There’s no great secret here, but I’ll spell it out. I’m a Christian who has very little use for Christian music. Although some of my favorite music has been made by Christians (U2, Bruce Cockburn, Vigilantes of Love, Tonio K., Innocence Mission, Mark Heard, Peter Case, T-Bone Burnett, Sam Phillips, Buddy and Julie Miller, Over the Rhine, not to mention Sister Rosetta Tharpe, Blind Willie Johnson and Ralph and Carter Stanley), the Contemporary Christian Music genre in general, and the Worship Music wing of that genre in particular, holds little appeal. There’s too much imitation of Fleetwood Mac circa 1975, and too much wince-inducing, sub-Hallmark “apple of my eye/wind beneath my wings” shite.

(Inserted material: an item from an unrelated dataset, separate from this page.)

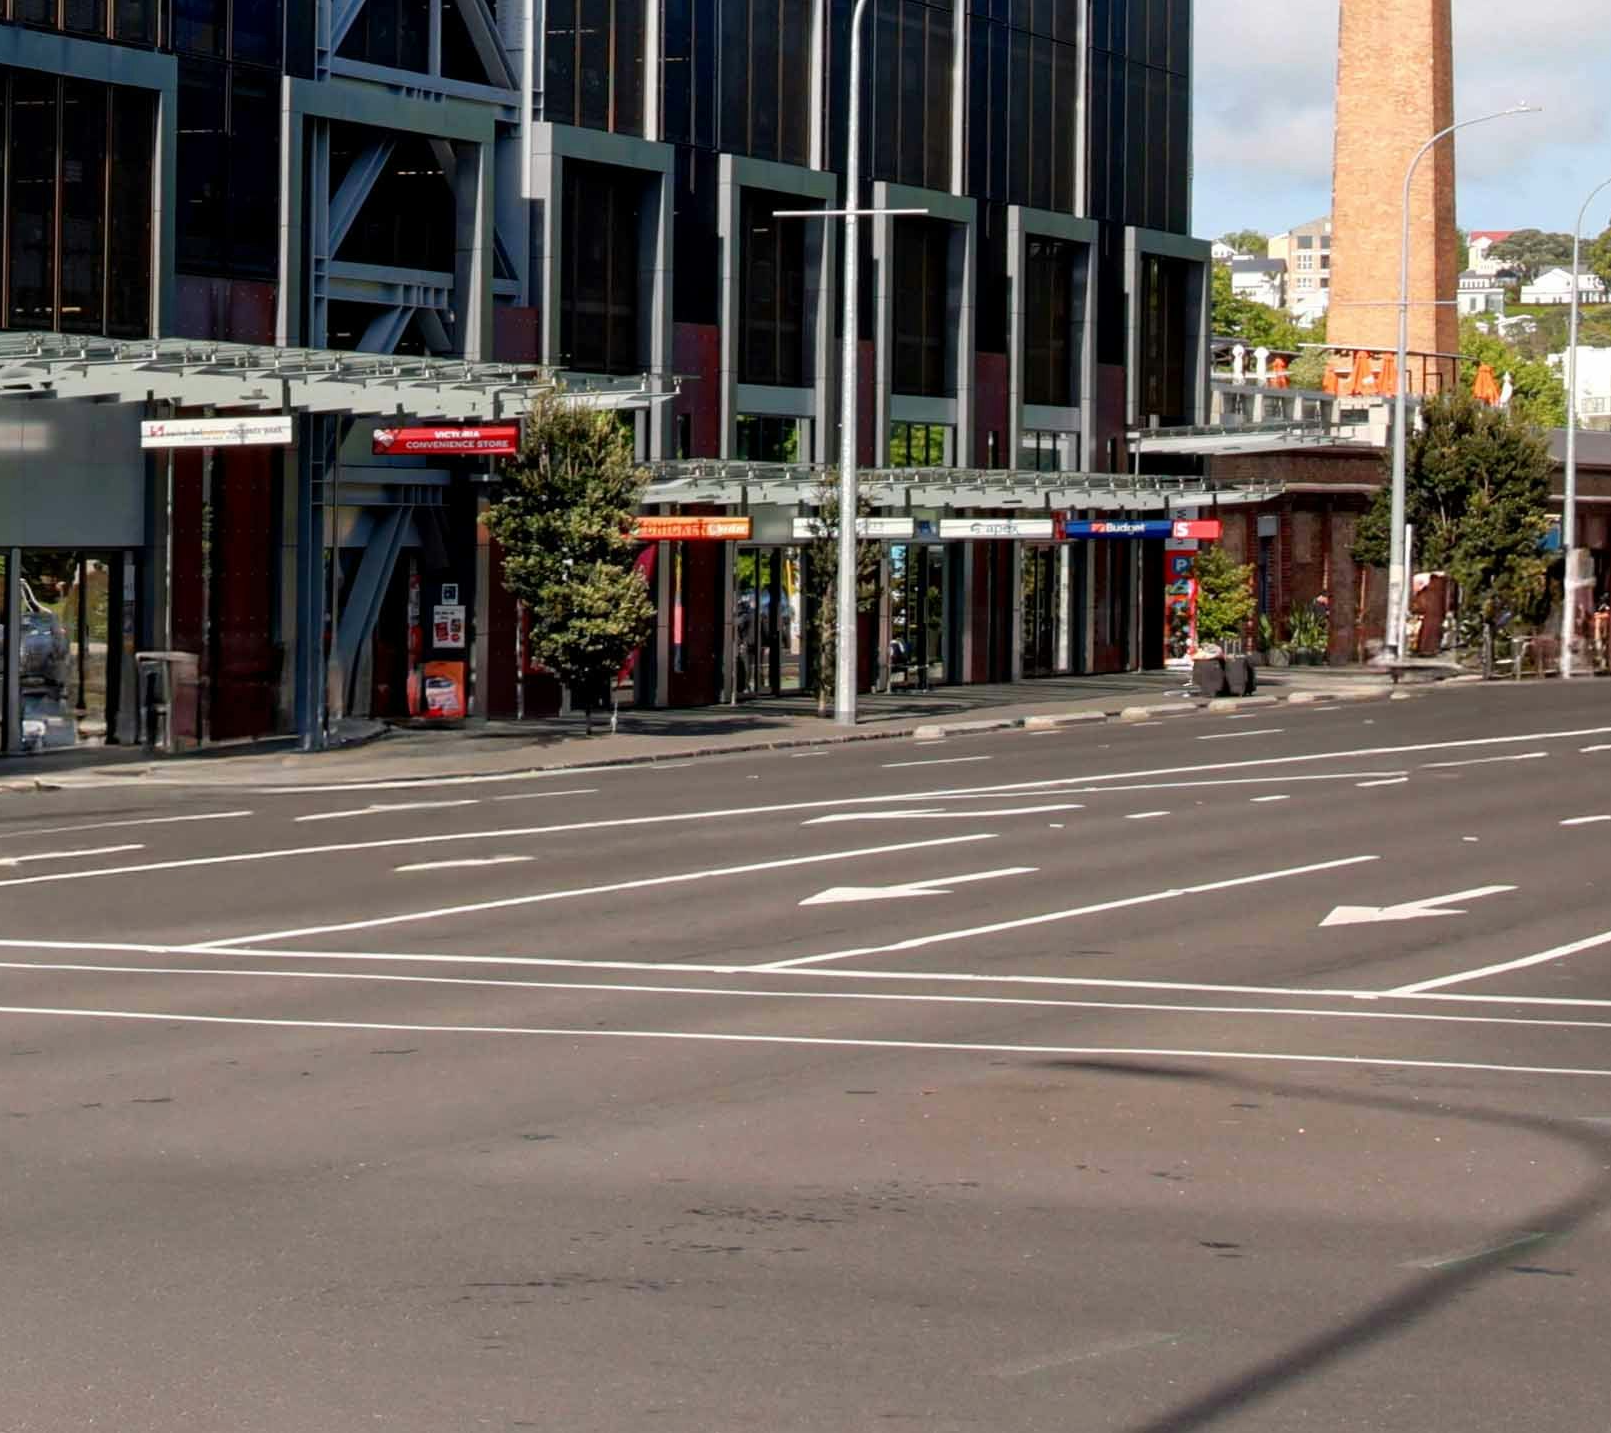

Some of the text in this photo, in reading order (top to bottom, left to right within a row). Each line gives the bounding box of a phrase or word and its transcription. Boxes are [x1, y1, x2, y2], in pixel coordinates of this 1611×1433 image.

[434, 430, 480, 439] VICTORIA
[405, 439, 510, 449] CONVENIENCE STORE
[1105, 522, 1146, 535] Budget

When it comes to music that actually connects in spiritual ways for me, and that I actually want to listen to in the car outside of Sunday mornings, give me Sigur Ros or Miles Davis. They probably didn’t know they were creating worship music. It just worked out that way for me.
So when an album comes along that fits squarely within the Worship Music tradition, and I actually like it, then there may be some evidence that hell has begun to freeze over. But it’s happened with Aradhna. The four core members of the band – Chris Hale, Peter and Fiona Hicks, and Travis McAfee – are as American as their names would indicate. But they’ve all spent significant portions of their lives in Bangladesh, Nepal, and India. And therein lies the strange and wondrous merger of two worlds that contributes to the uniqueness of the band’s music, and to the surprising vigor of Amrit Vani. There are sitars here. And tablas. They sound as exotic as you would expect. And there are acoustic guitar arpeggios and gently lilting violin solos that wouldn’t sound out of place on a very western Windham Hill album. It works beautifully. The lyrics are sung in Hindi, and far from being an impediment, the language barrier is actually a great help (see “apple of my eye” and “wind beneath my wings” above). Like Sigur Ros, sometimes the indecipherable is greatly preferable to the old, tired formulas. And by the time we reach the final song, “Narahari,” the music swells and soars, the ramshackle choir enters sounding like the Hindustani angelic host, and something remarkable happens. I find myself worshipping God.
Amrit Vani digs deep in a contemplative, meditative way that few worship albums even begin to approach. And it’s quite lovely. Even in the car.